The rule, which was adopted by the Court of Appeals in February, clarifies that judicial officers’ preference should be to impose non-monetary conditions to ensure defendants show up for trial.
“People’s rights didn’t change,” Starger said. “It was just a question of emphasis and it was clarifying the way things had fallen into practice was actually out of step with what the law had always required.”
The rule also instructs commissioners and judges to hold an individual if they find there is a reasonable likelihood they will not appear for trial or will be a danger to the victim or others.
In the months between when the rule was adopted and went into effect, attorneys throughout Maryland noticed a change in their clients’ bail hearing outcomes. Several said clients who would have been assigned a high bond in the past were being held without bail.
In Baltimore city in particular, where approximately 10 percent of defendants were being held without bail at initial appearances in July 2016, more than 30 percent were five months later. At bail reviews, release rates have gone up but the percentage of individuals held without bail by a judge more than doubled in that time period.
“That’s not a problem with the rule, that’s a problem with the implementation of the rule as far as we’re concerned,” Starger said. “We’re not where we should be in Baltimore.”
Rothstein said public defenders continue to believe more people are being detained than should be but noted that the number of bail reviews has not increased, indicating that the people now being held without bail were probably those assigned extremely high bails they could not afford before the rule changed.
“We think there are too many people being held pretrial and whether they’re being held without bail or on money bail, that’s a problem,” she said.
The Judiciary is working to develop a system to track bail review outcomes, according to a spokeswoman. The data can be extracted but must be manually compiled.
The Judiciary’s report states enhanced pretrial services is needed for cases “in the middle of the spectrum where an effective county-based pretrial system would ensure public safety while contemporaneously reducing pretrial jail populations.
Eleven counties have some form of pretrial services, according to the report, and at least five more are looking into it.
Expanding pretrial programs “has to go hand-in-hand with an alternative to the (bail) system that works better, that is more fair, and is not racially biased,” said Larry Stafford Jr., executive director of Progressive Maryland. “Pretrial services programs can provide such an alternative if the support is there, if the funding is there.”
Advocates will seek budget language to fund pretrial services this legislative session, according to Stafford, as well as pushing back against any efforts by the bail bonds industry to push legislation to reverse the rule.
“There are many legislators that do support that kind of change,” Stafford said. “There are probably quite a few that are interested in learning more about what this means and some who we suspect favor the bail industry so we’re going to be working hard to engage and ensure that legislators are educated on what pretrial services can mean for the system around the state.”

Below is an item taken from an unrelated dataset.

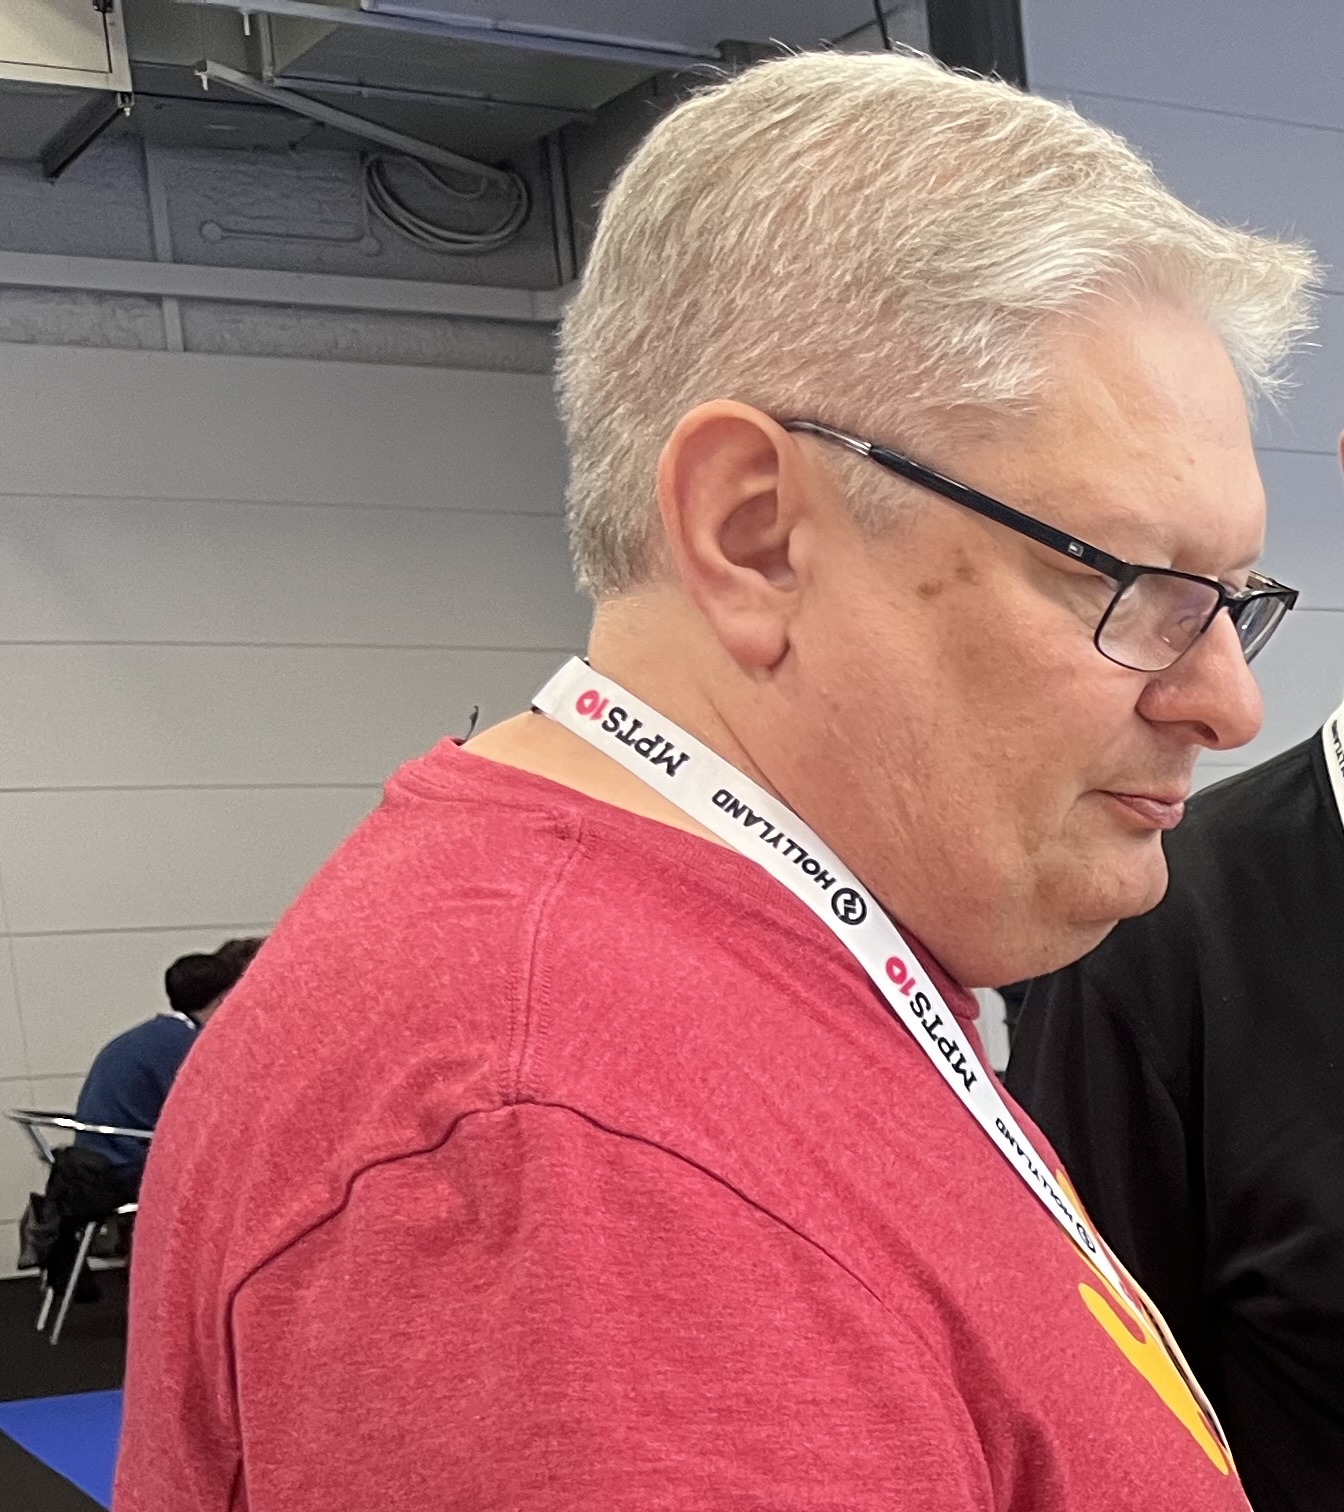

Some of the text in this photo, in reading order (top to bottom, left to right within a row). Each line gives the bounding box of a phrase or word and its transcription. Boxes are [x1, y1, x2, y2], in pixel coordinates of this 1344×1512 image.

Rothstein said in some jurisdictions, community are organizations interested in helping provide services, such as monitoring a defendant’s participation in their program while they are on pretrial release.
She partially attributed the continued use of bail and detention to “a combination of a lack of creativity in terms of really, truly being willing to identify alternatives.”
Starger said training and a focus on the spirit of the new rule should help bring its benefits to more defendants.
“I’m confident that as the effectiveness of pretrial services becomes more widely understood, judges will become more receptive to it,” he said.
Notes: In October 2016, Attorney General Brian Frosh gave opinion that bail might be unconstitutional. Chief Judge John P. Morrissey sent an advice letter on the purpose of bail at the end of October 2016. Releases started to rise after that.
On July 1, 2017, a new rule on bail went into effect.